Jeff King has a great paper on this topic, focusing on the case of "naming" dates. ("Naming" is in scare-quotes since on King's view expressions like "January 9th 1942" are non-rigid designating terms.) The paper is "Remarks on the syntax and semantics of day designators", Phil Perspectives 2001.

Posted by: Michael Fara at February 9, 2006 01:04 PM

Thanks, Mike. Our philosophy of language reading group at Wash U has been reading Jeff King's "Structured Propositions and Complex Predicates". I think we might get through it in one week instead of two (it was assigned two weeks on the schedule) so perhaps I can fill in the gap with the names paper...

Posted by: Gillian Russell [TypeKey Profile Page] at February 9, 2006 03:03 PM

One might argue that our family names do just this. In Iceland, instead of representing your fictitious farthest-back male-line ancestor, it just represents your father and says whether you're his daughter or son (like Björk Gudmundsdóttir, or Leif Eiriksson).
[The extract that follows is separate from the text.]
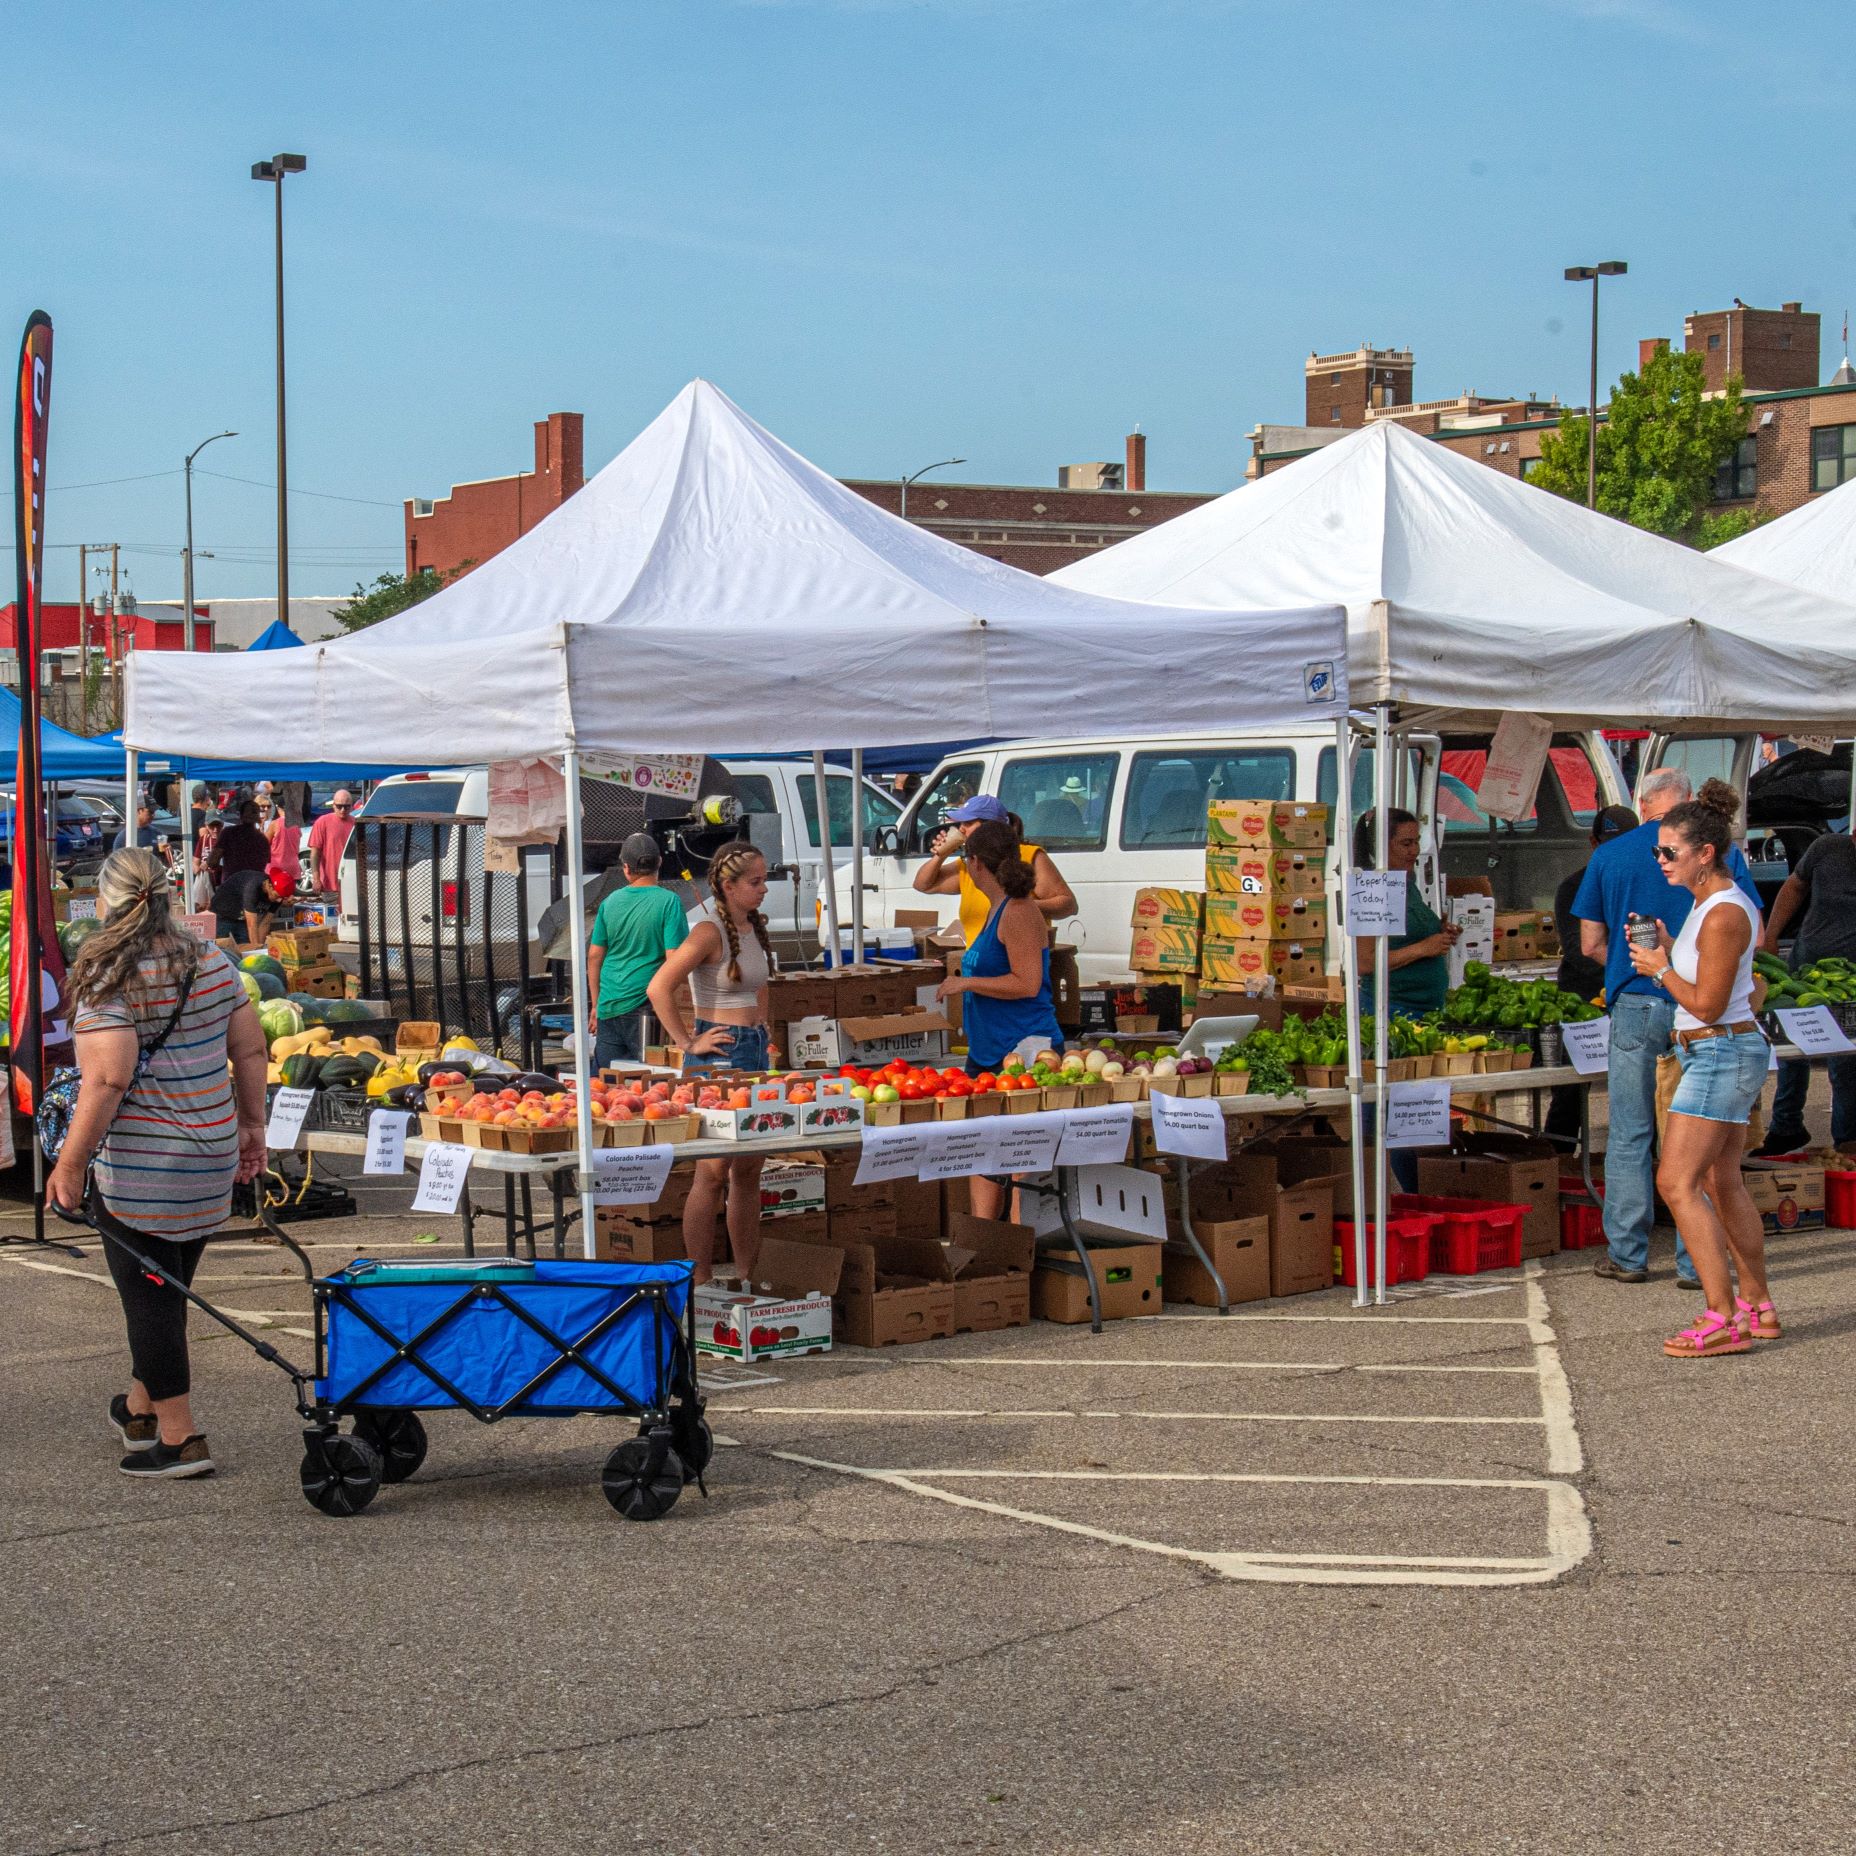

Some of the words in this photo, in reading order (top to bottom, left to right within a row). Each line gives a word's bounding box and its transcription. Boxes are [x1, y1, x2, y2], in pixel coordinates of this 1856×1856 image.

In Russia, I believe they have both a patronymic middle name and a male-line last name. In China I believe there's one syllable for the ancestral family, one for the set of siblings, and one for the individual.

This still leaves plenty of arbitrariness in the personal names, and the original designation of family names and the like, but at least part of it is systematic.

Posted by: Kenny Easwaran at February 9, 2006 07:28 PM

Nomenclature rules for organic chemistry might be an example for this. You know, names like 1-chloro-2-(3,4-methylenedioxyphenyl)ethane, which actually give you the molecular structure of the compound.

Posted by: Richard Zach at February 11, 2006 08:05 PM

Yes, a 'logically perfect language'!